## Records drawn from a dataset
------------------------------------

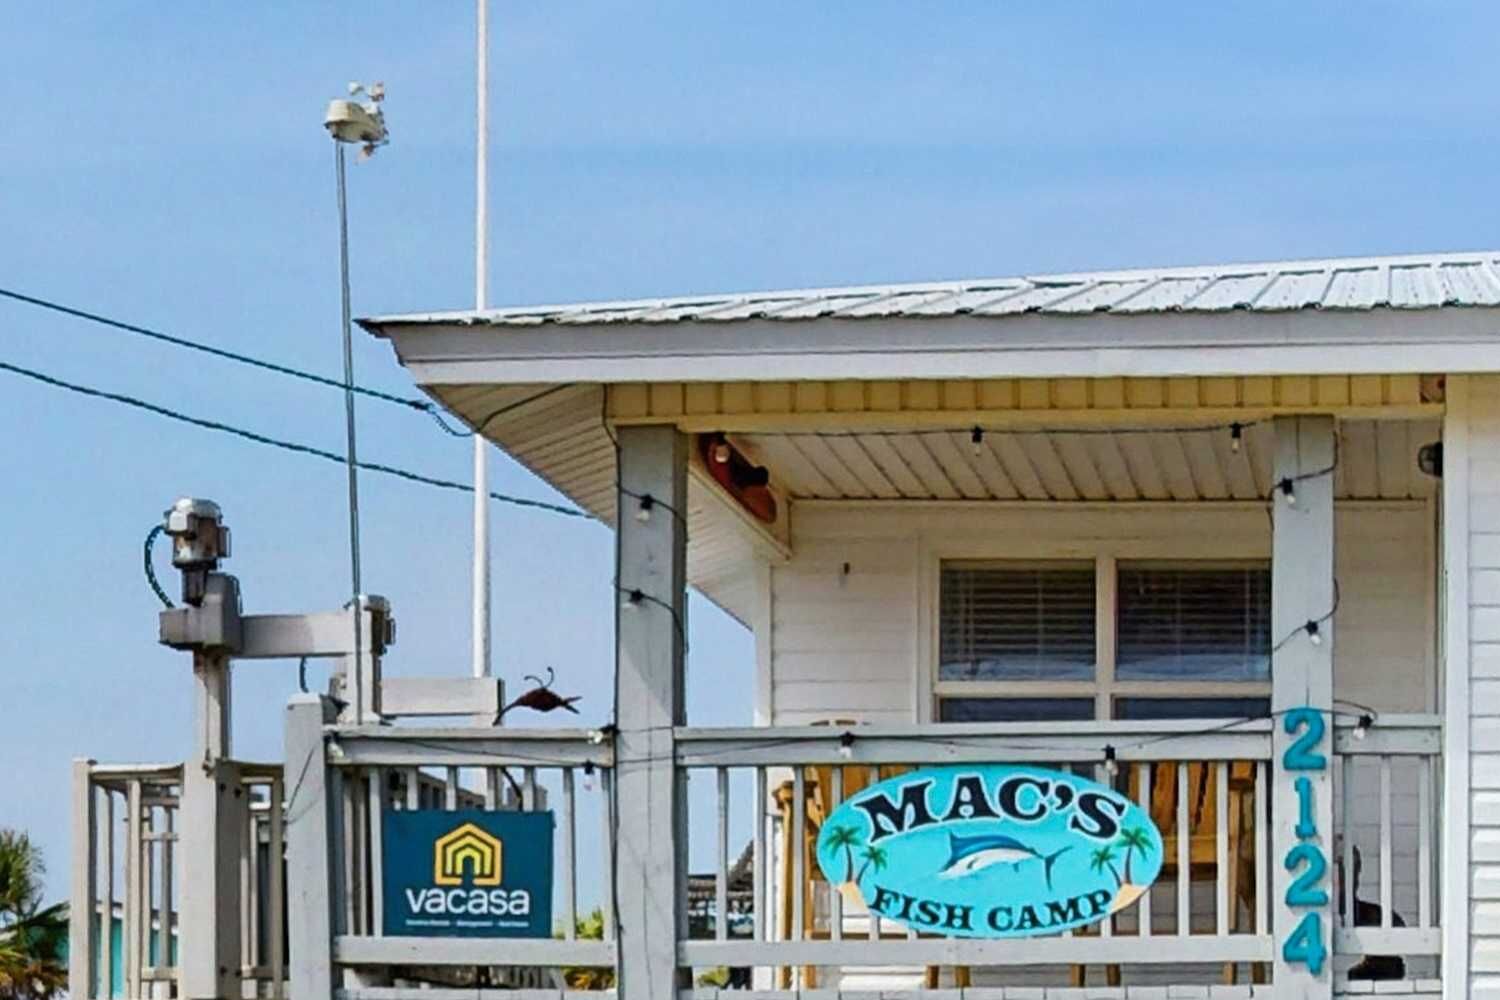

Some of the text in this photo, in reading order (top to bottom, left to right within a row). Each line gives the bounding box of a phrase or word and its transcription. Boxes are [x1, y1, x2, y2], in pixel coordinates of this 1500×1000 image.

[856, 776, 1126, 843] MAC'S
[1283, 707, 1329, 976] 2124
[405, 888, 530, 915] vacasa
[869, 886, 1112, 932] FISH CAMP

------------------------------------

## What is being asked
Without including any picture, repeat the data exactly.

## Result of the task
Some of the text in this photo, in reading order (top to bottom, left to right within a row). Each line gives the bounding box of a phrase or word and its transcription. Boxes are [x1, y1, x2, y2], in pixel coordinates of this 1500×1000 image.

[856, 776, 1126, 843] MAC'S
[1283, 707, 1329, 976] 2124
[405, 888, 530, 915] vacasa
[869, 886, 1112, 932] FISH CAMP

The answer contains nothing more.